CHAPTER VII.
THE FASHION OF THIS WORLD.
have said that from the first moment I had felt a singular attraction towards my new mistress. As the days went on, and I became better acquainted with the rare beauty and unselfishness of her nature, my respect and affection deepened. I soon grew to love Mrs. Morton as I have loved few people in this life.
My service became literally a service of love; it was with no sense of humiliation that I owned myself her servant; obedience to so gentle a rule was simply a delight. I anticipated her wishes before they were expressed, and an ever-deepening sense of the sacredness and dignity of my charge made me impervious to small slights and moved me to fresh efforts.
I was no longer tormented by my old feelings of uselessness and inefficiency. The despondent fears of my girlhood (and girlhood is often troubled by these unwholesome fancies), that there was no special work for me in the human vineyard, had ceased to trouble me. I was a bread winner, and my food tasted all the sweeter for that thought. I was preaching silently day by day my new crusade. Every morning I woke cheerfully to the simple routine of the day’s duties. Every night I lay down between my children’s cots with a satisfied conscience, and a mind at rest, while the soft breathings of the little creatures beside me seemed to lull me to sleep.
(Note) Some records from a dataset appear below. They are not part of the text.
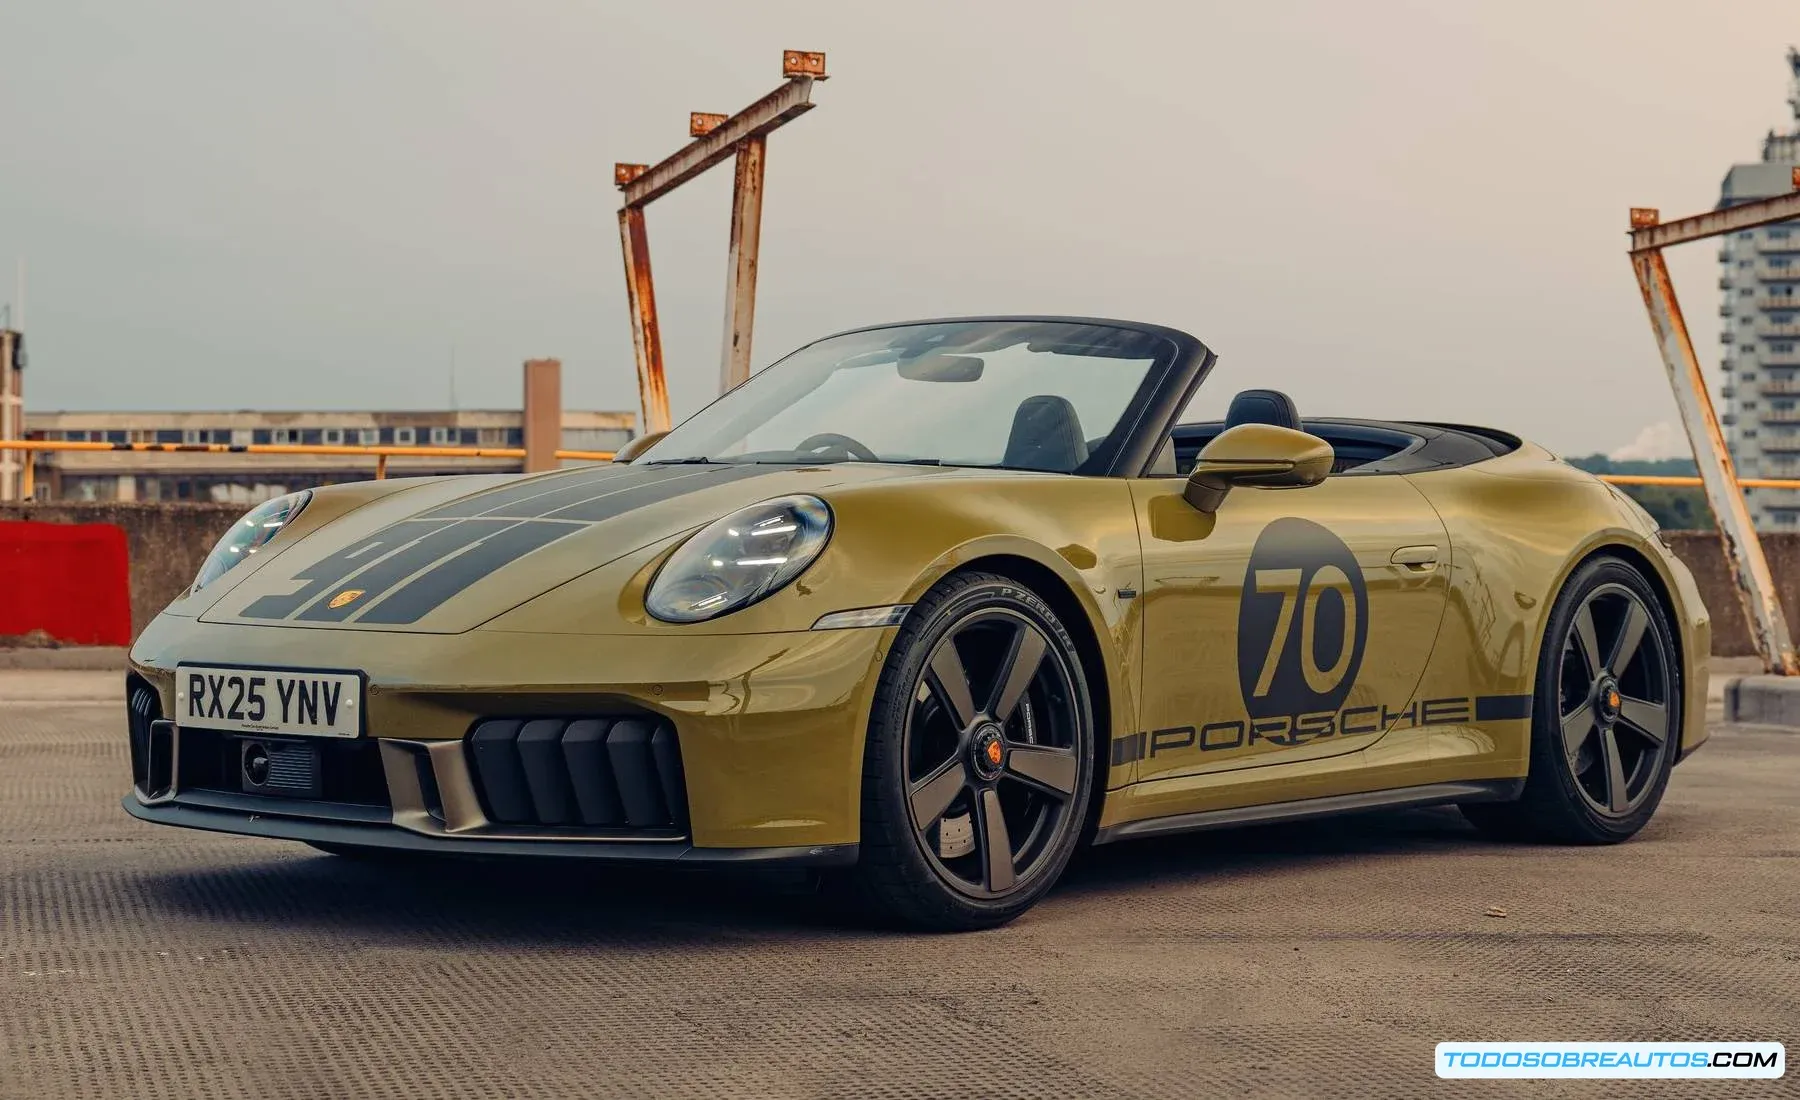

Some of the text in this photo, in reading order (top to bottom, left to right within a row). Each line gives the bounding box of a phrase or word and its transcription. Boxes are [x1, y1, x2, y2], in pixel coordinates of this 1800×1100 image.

[1015, 591, 1056, 624] ZERO
[1252, 565, 1356, 698] 70
[189, 674, 341, 726] RX25 YNV
[1025, 703, 1034, 744] PORSC
[1150, 697, 1469, 759] PORSCHE
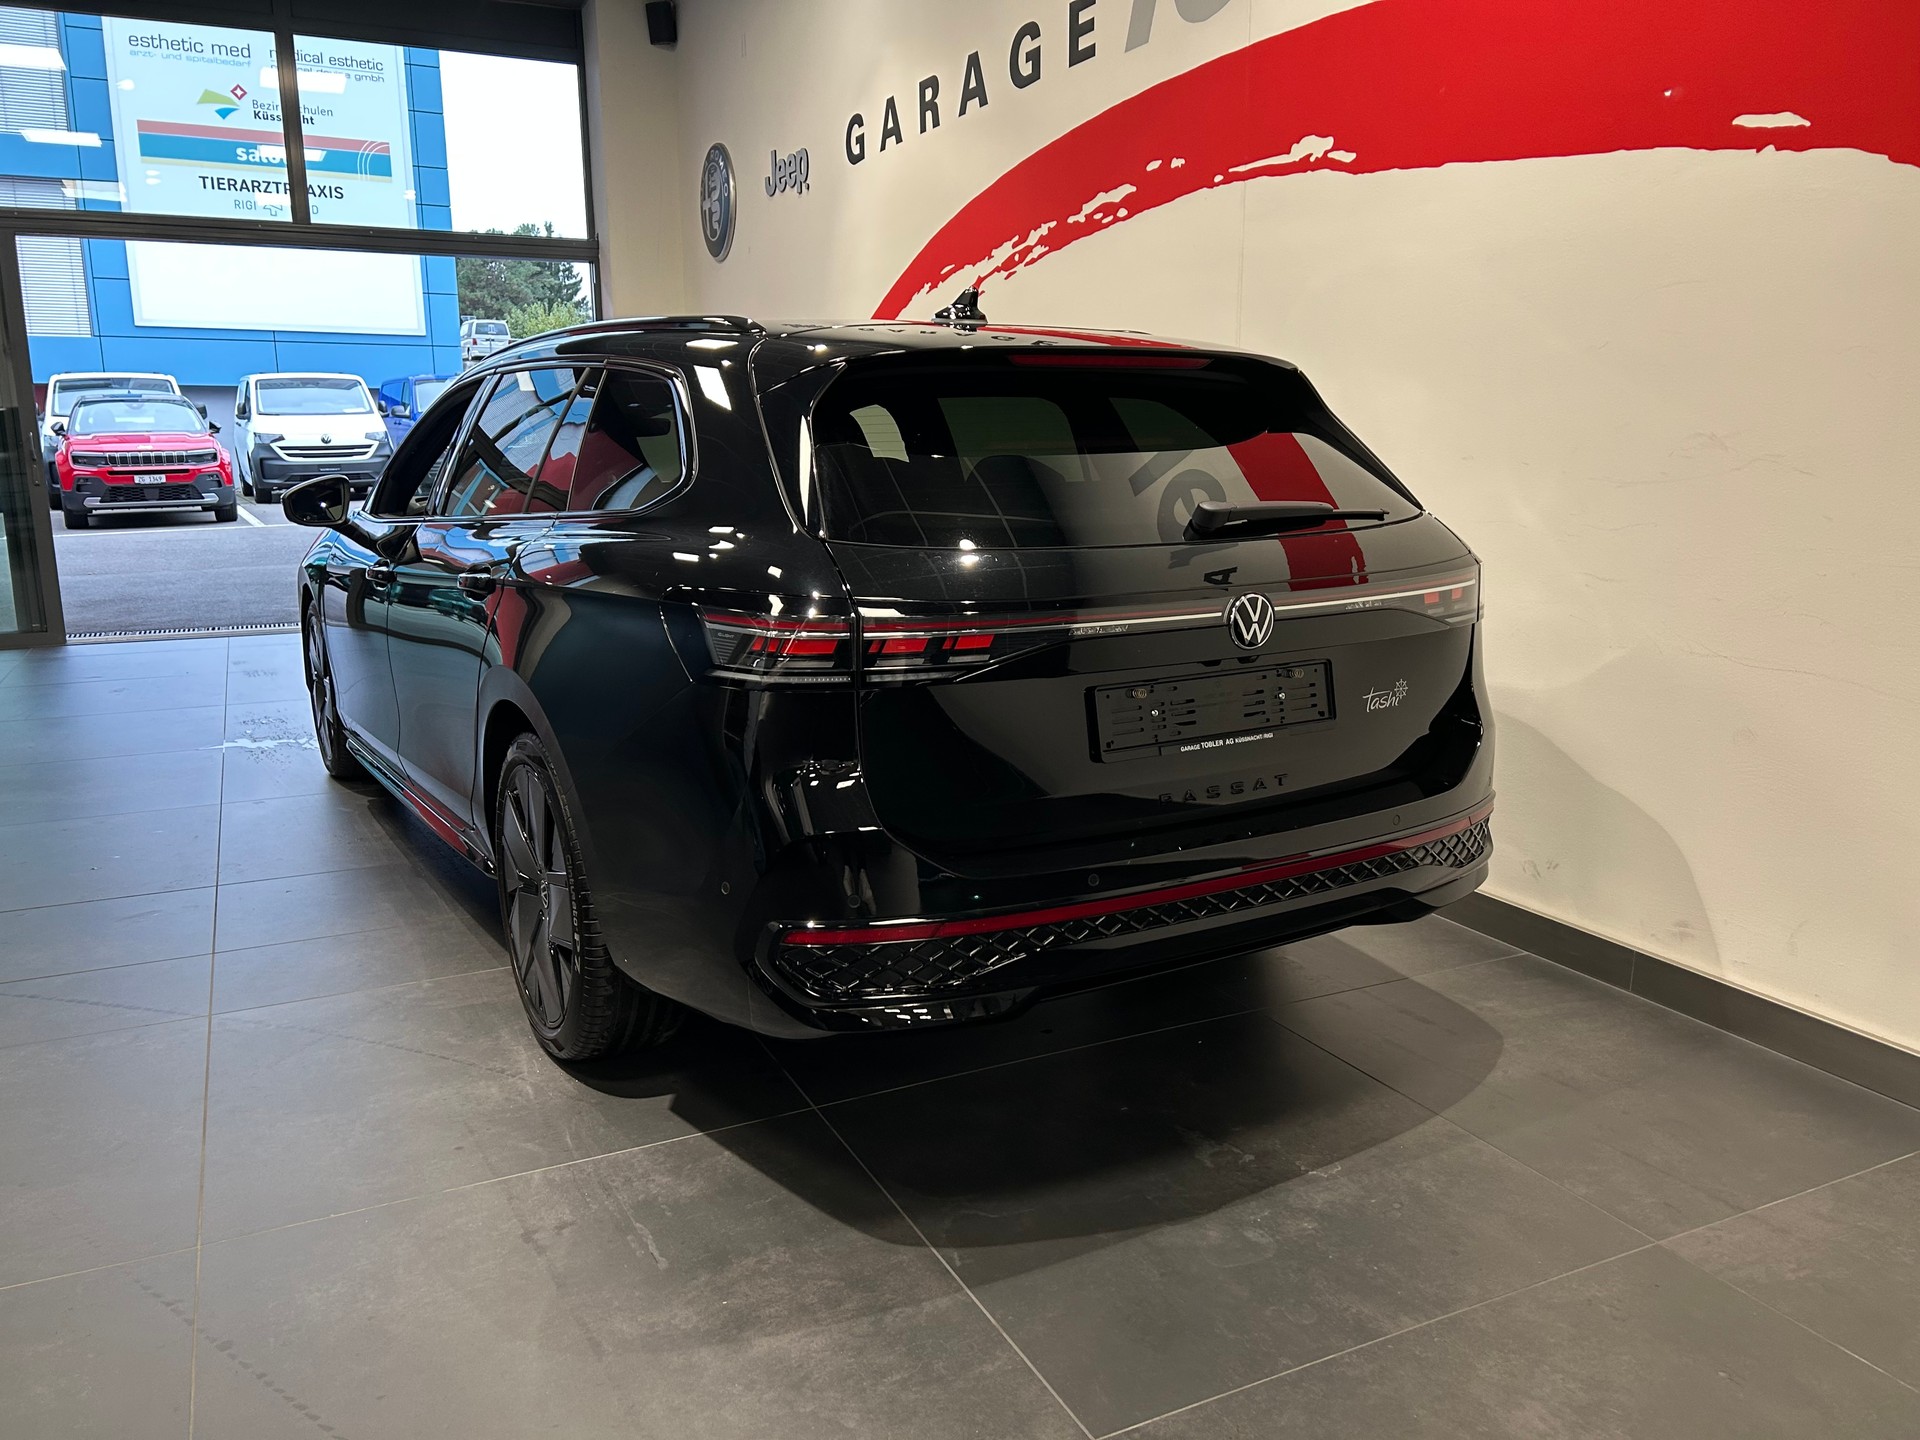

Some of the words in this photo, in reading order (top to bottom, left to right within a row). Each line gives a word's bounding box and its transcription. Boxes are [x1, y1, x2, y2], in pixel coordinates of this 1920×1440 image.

[128, 34, 204, 53] esthetic
[211, 43, 251, 59] med
[161, 52, 182, 60] und
[186, 55, 251, 67] spitalbedarf
[329, 56, 384, 71] esthetic
[354, 73, 385, 83] gmbh
[845, 0, 1097, 165] GARAGE
[253, 110, 315, 125] Küssht
[765, 148, 809, 197] Jeep
[198, 175, 344, 200] TIERARZTPAXIS
[234, 199, 257, 211] RIGI
[1180, 743, 1201, 752] GARAGE
[1201, 739, 1224, 749] TOBLER
[1158, 773, 1289, 805] PASSAT
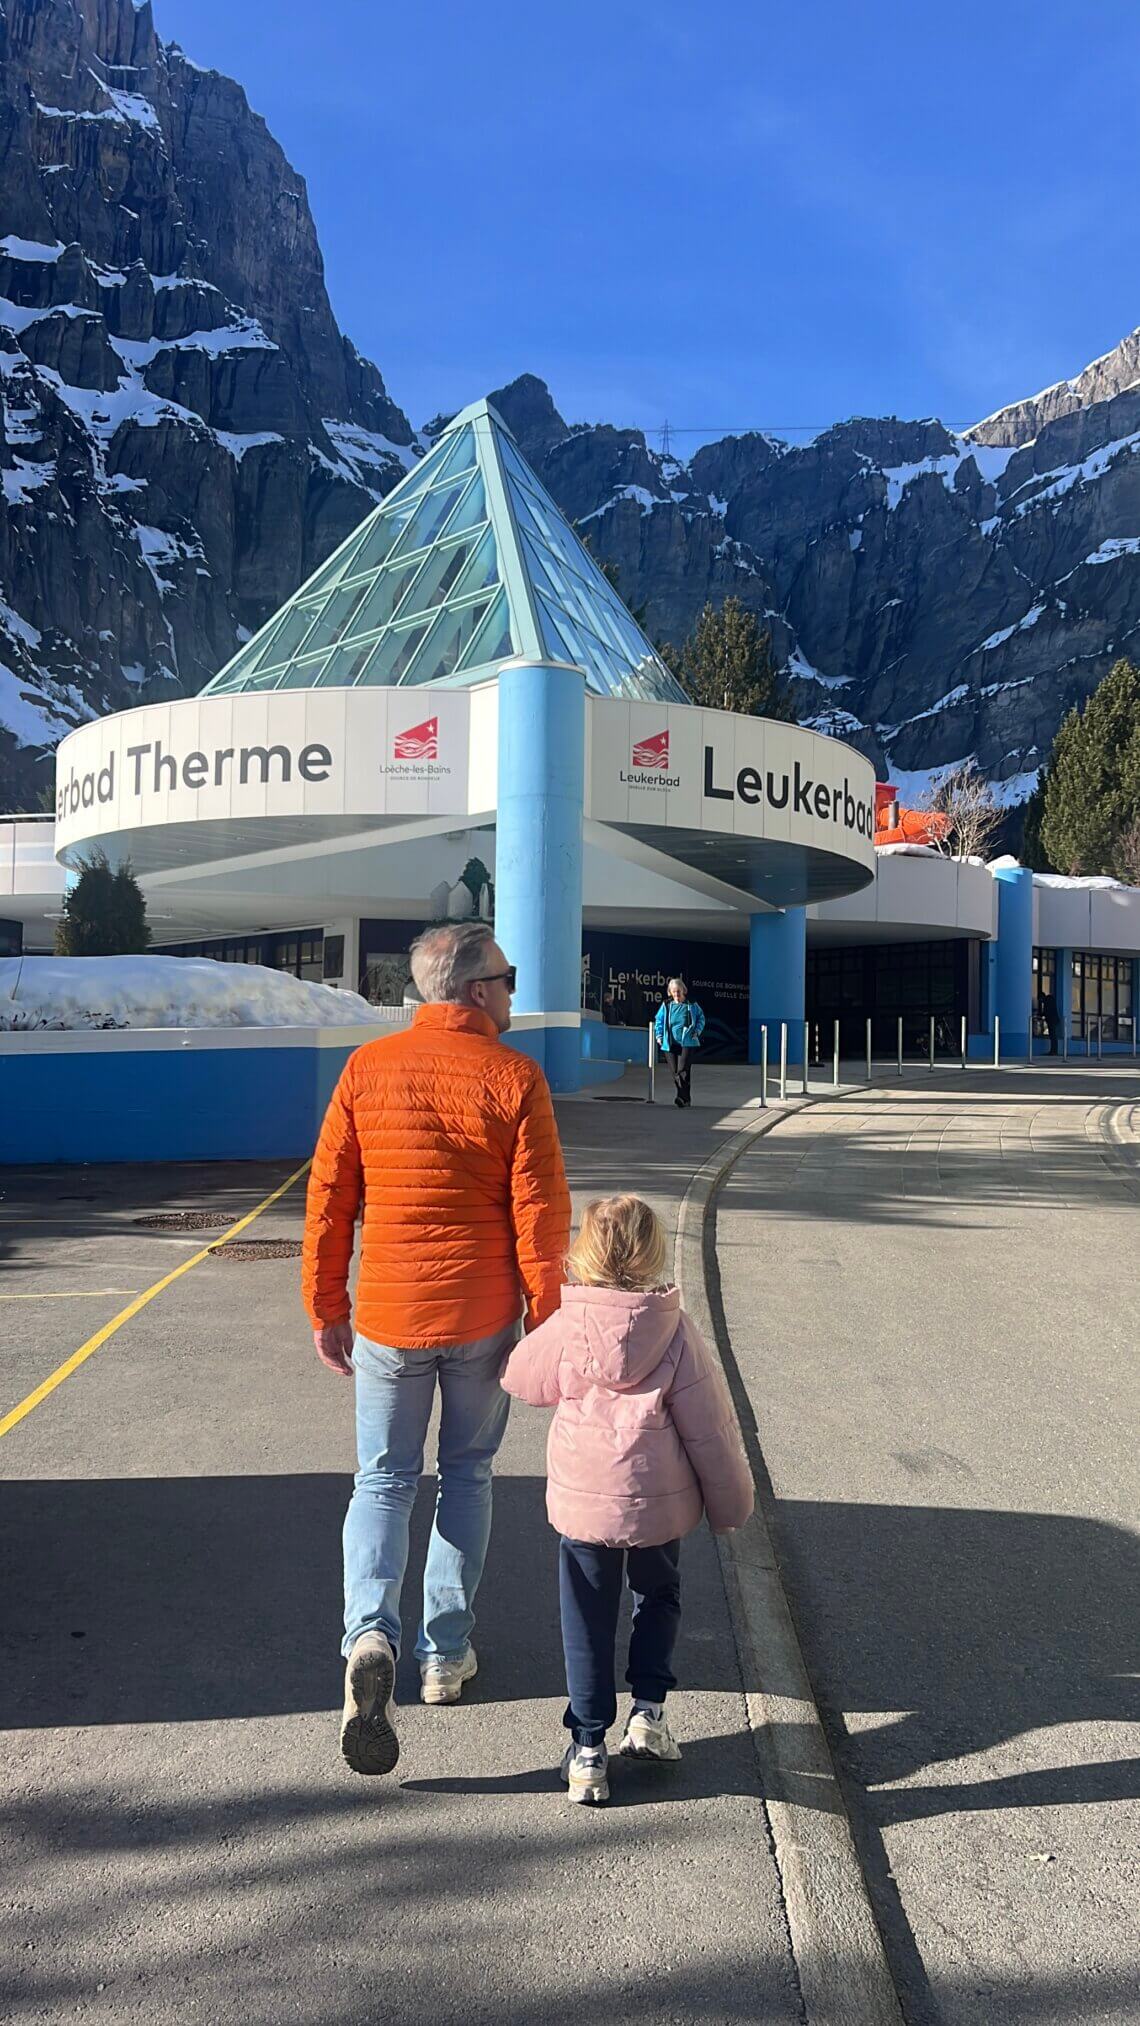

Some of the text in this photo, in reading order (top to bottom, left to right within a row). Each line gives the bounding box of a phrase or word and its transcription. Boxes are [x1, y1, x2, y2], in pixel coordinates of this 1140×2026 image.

It was a strangely quiet life for a girl of two-and-twenty, but I soon grew used to it. When I felt dull I read; at other times I sang over my work, out of pure lightheartedness, and I could hear Joyce’s shrill little treble joining in from her distant corner.
“I wish I could sing like you, Merle,” Mrs. Morton once said to me, when she had interrupted our duet; “your voice is very sweet and true, and deserves to be cultivated. Since my baby’s death my voice has wholly left me.”
“It will come back with time and rest,” I returned, reassuringly, but she shook her head.
“Rest; that is a word I hardly know. When I was a girl I never knew life would be such a fatiguing thing. There are too many duties for the hours; one tries to fit them in properly, but when night comes the sense of failure haunts one’s dreams.”
“That is surely a symptom of overwork,” was my remark in answer to this.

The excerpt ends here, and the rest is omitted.